Collected data:

□ □ □ □ □

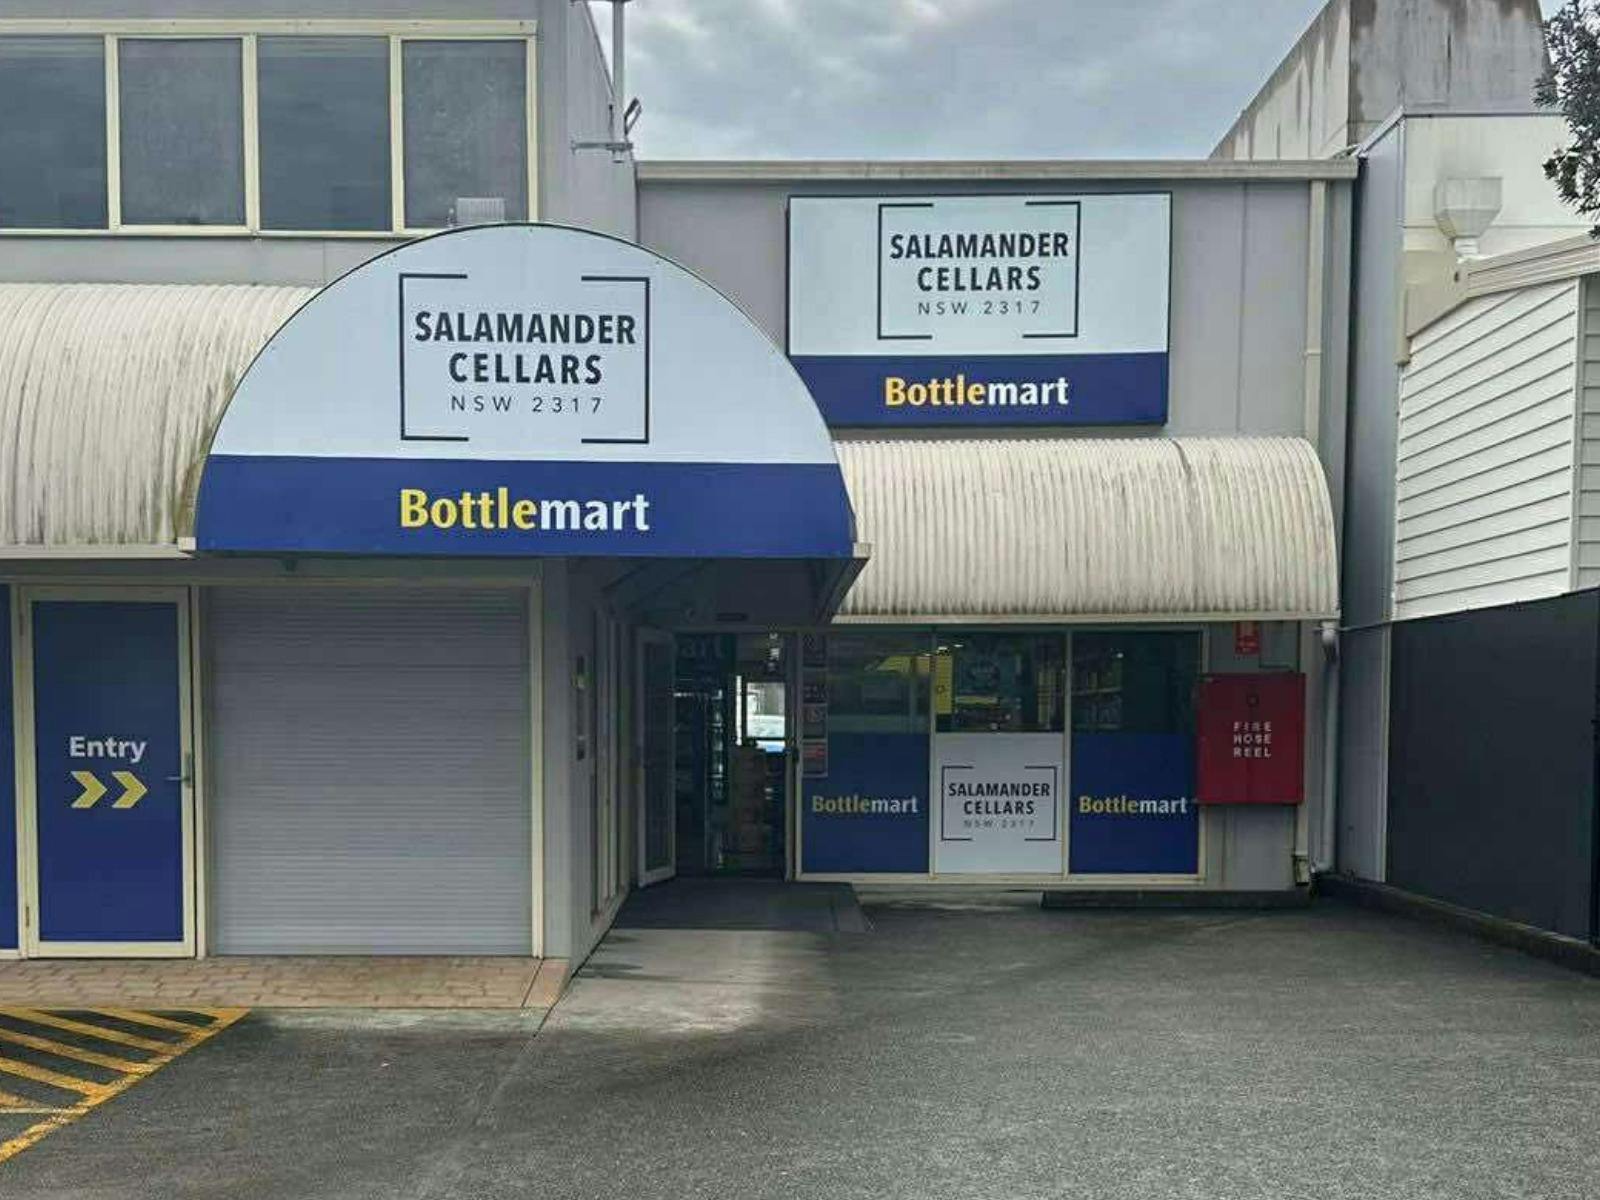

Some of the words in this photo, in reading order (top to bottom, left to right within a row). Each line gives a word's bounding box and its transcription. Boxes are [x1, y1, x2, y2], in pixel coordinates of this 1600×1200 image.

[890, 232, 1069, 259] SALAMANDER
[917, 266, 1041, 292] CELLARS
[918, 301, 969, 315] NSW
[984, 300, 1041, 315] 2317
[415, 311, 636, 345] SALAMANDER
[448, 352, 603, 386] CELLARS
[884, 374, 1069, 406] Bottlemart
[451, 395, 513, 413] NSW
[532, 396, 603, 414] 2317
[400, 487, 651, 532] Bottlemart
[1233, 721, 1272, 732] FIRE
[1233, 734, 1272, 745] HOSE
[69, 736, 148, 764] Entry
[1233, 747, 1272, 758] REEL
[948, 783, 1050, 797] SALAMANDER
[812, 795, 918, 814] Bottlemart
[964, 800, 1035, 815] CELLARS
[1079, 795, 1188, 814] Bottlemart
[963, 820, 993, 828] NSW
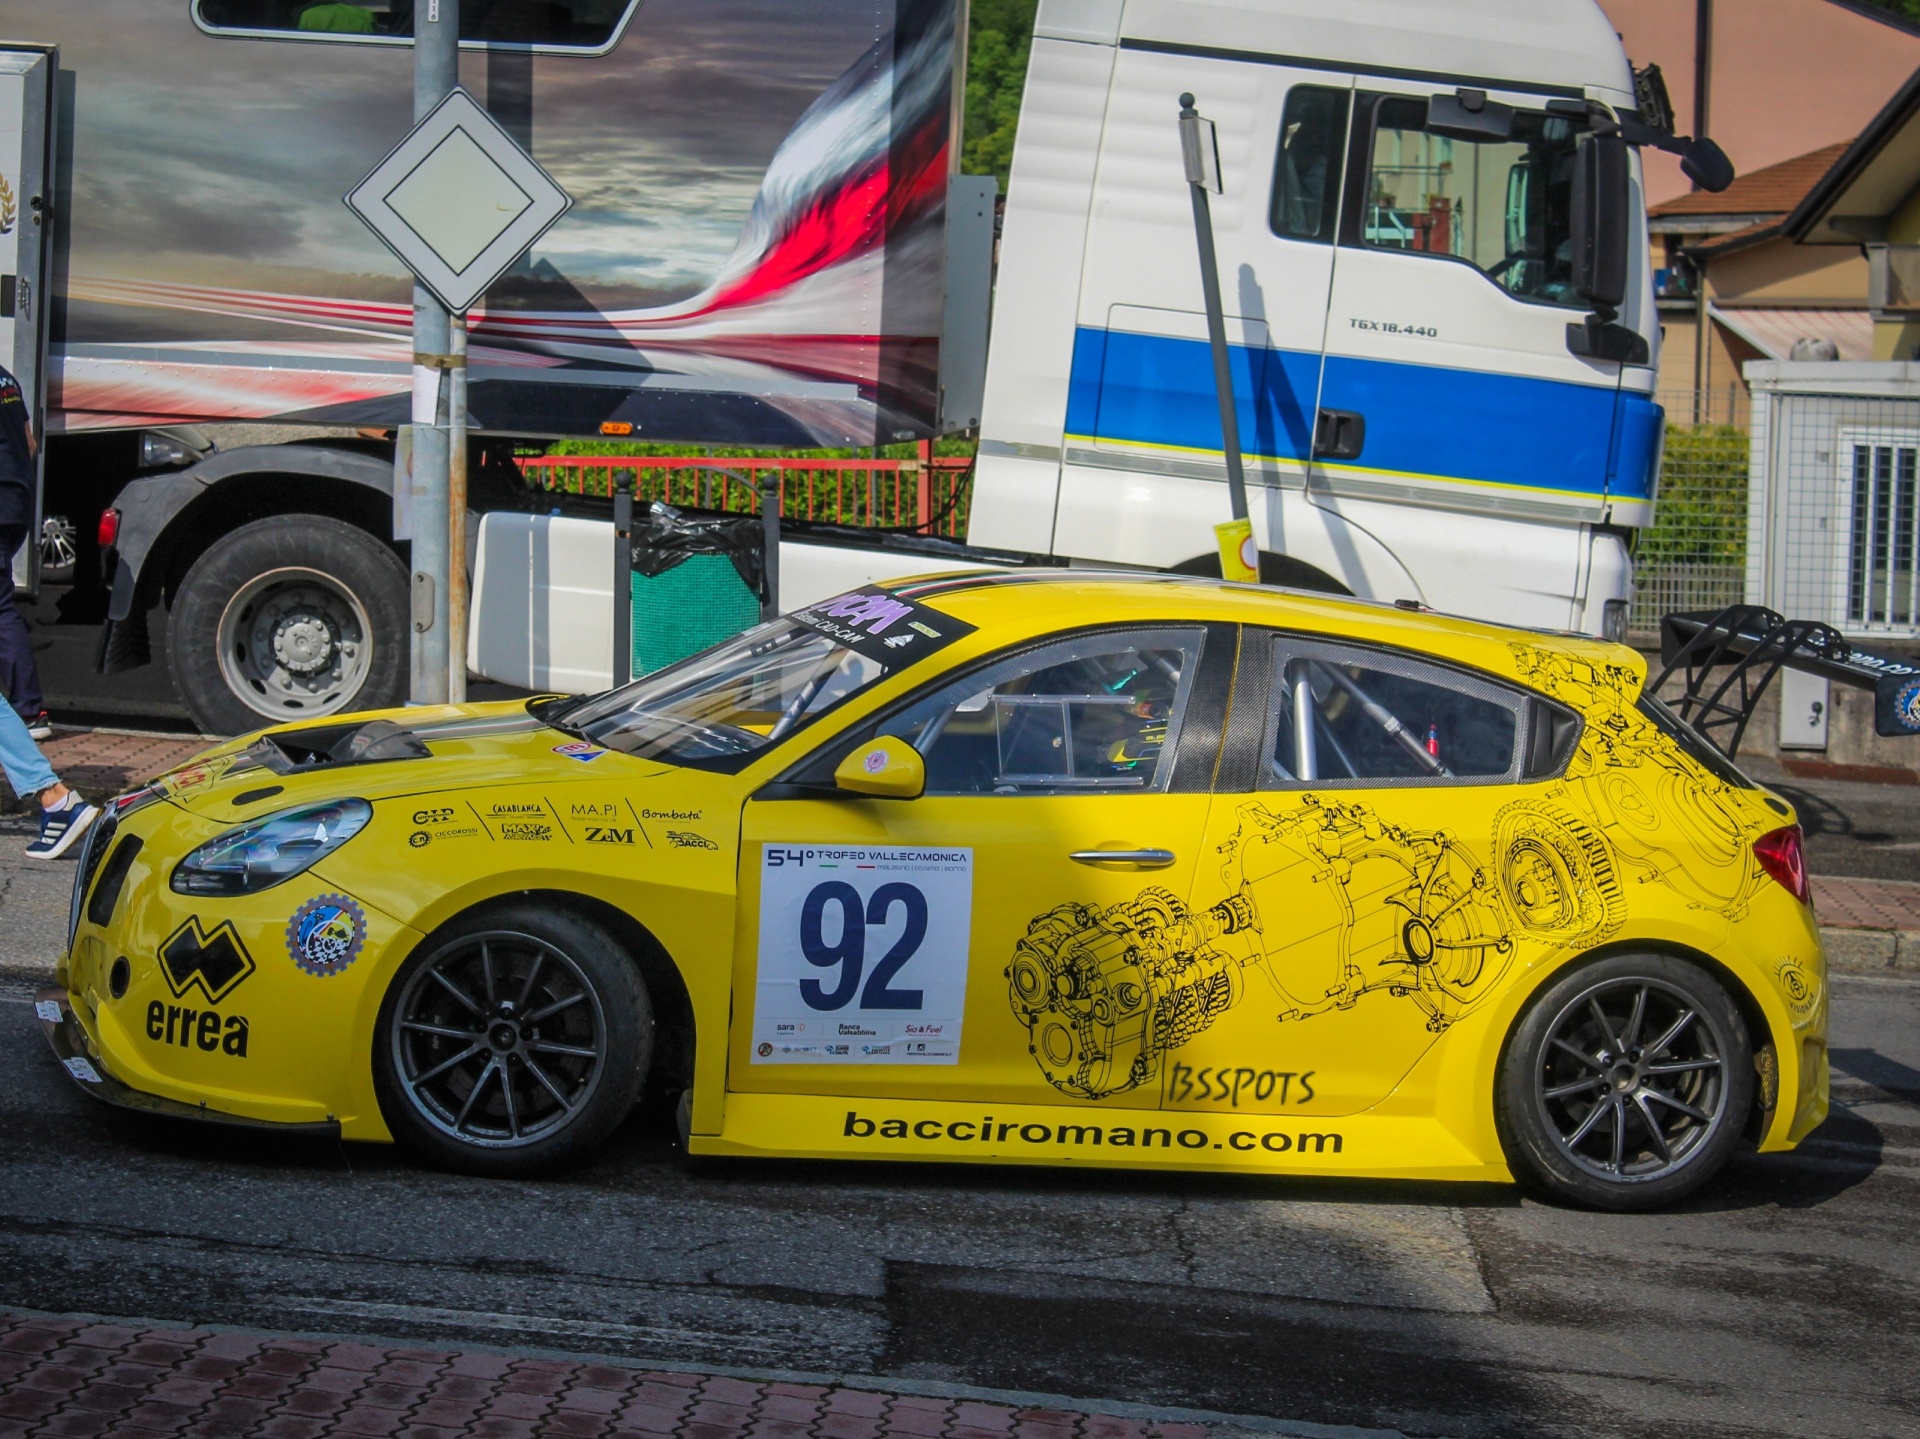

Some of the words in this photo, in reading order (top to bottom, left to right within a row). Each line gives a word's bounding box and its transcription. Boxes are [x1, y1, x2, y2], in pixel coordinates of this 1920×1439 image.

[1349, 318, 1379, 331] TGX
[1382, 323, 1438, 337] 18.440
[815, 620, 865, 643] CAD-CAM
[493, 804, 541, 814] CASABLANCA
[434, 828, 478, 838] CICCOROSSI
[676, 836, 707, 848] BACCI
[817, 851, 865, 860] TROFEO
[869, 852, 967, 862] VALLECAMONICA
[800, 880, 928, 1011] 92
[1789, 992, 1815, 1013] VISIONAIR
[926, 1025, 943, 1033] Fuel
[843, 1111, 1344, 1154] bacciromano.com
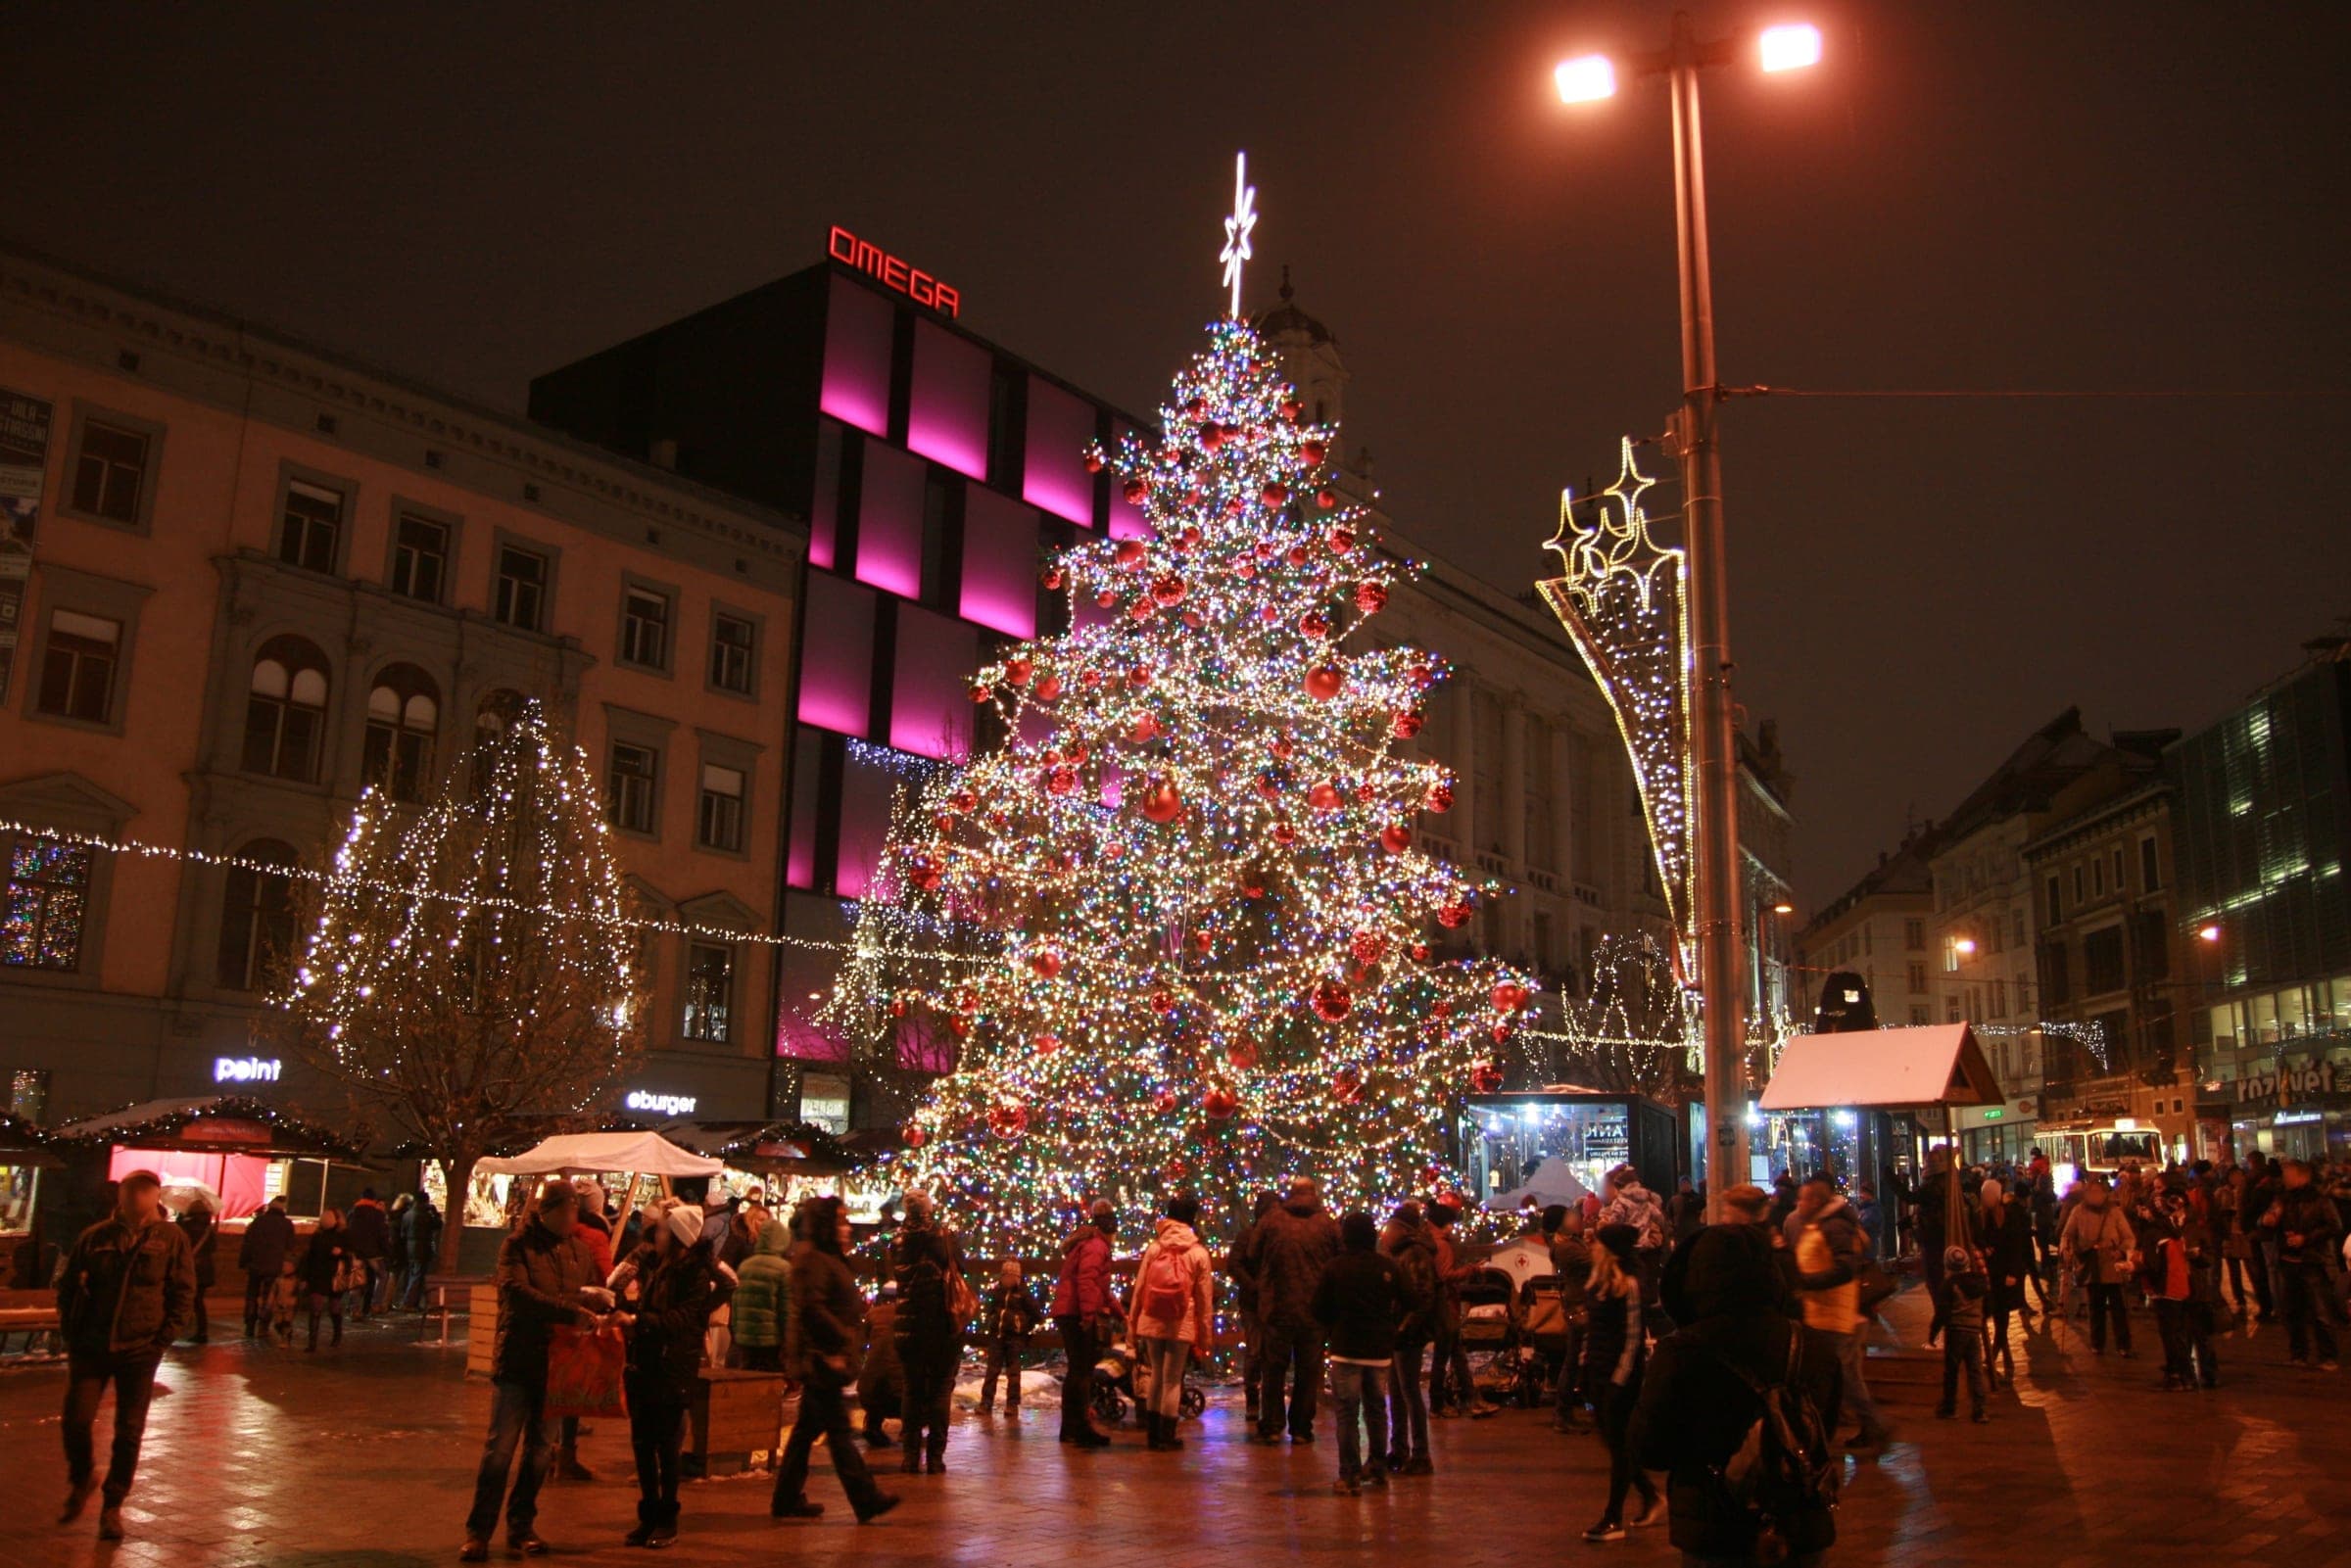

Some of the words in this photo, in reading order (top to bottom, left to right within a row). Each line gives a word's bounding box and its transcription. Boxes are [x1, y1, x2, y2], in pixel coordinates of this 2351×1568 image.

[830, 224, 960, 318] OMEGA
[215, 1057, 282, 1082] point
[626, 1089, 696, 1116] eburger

□ □ □ □ □

■ **Aim of the task**
Output the records exactly. Drop the images.

■ **Answer to this task**
Some of the words in this photo, in reading order (top to bottom, left to right within a row). Each line gives a word's bounding box and its transcription. Boxes are [x1, y1, x2, y2], in pixel coordinates of this 1600×1200 image.

[890, 232, 1069, 259] SALAMANDER
[917, 266, 1041, 292] CELLARS
[918, 301, 969, 315] NSW
[984, 300, 1041, 315] 2317
[415, 311, 636, 345] SALAMANDER
[448, 352, 603, 386] CELLARS
[884, 374, 1069, 406] Bottlemart
[451, 395, 513, 413] NSW
[532, 396, 603, 414] 2317
[400, 487, 651, 532] Bottlemart
[1233, 721, 1272, 732] FIRE
[1233, 734, 1272, 745] HOSE
[69, 736, 148, 764] Entry
[1233, 747, 1272, 758] REEL
[948, 783, 1050, 797] SALAMANDER
[812, 795, 918, 814] Bottlemart
[964, 800, 1035, 815] CELLARS
[1079, 795, 1188, 814] Bottlemart
[963, 820, 993, 828] NSW

Some of the words in this photo, in reading order (top to bottom, left to right within a row). Each line gives a word's bounding box and its transcription. Boxes are [x1, y1, x2, y2], in pixel coordinates of this 1920×1439 image.

[1349, 318, 1379, 331] TGX
[1382, 323, 1438, 337] 18.440
[815, 620, 865, 643] CAD-CAM
[493, 804, 541, 814] CASABLANCA
[434, 828, 478, 838] CICCOROSSI
[676, 836, 707, 848] BACCI
[817, 851, 865, 860] TROFEO
[869, 852, 967, 862] VALLECAMONICA
[800, 880, 928, 1011] 92
[1789, 992, 1815, 1013] VISIONAIR
[926, 1025, 943, 1033] Fuel
[843, 1111, 1344, 1154] bacciromano.com

Some of the words in this photo, in reading order (top to bottom, left to right within a row). Each line gives a word's bounding box and its transcription. Boxes are [x1, y1, x2, y2], in pixel coordinates of this 2351×1568 image.

[830, 224, 960, 318] OMEGA
[215, 1057, 282, 1082] point
[626, 1089, 696, 1116] eburger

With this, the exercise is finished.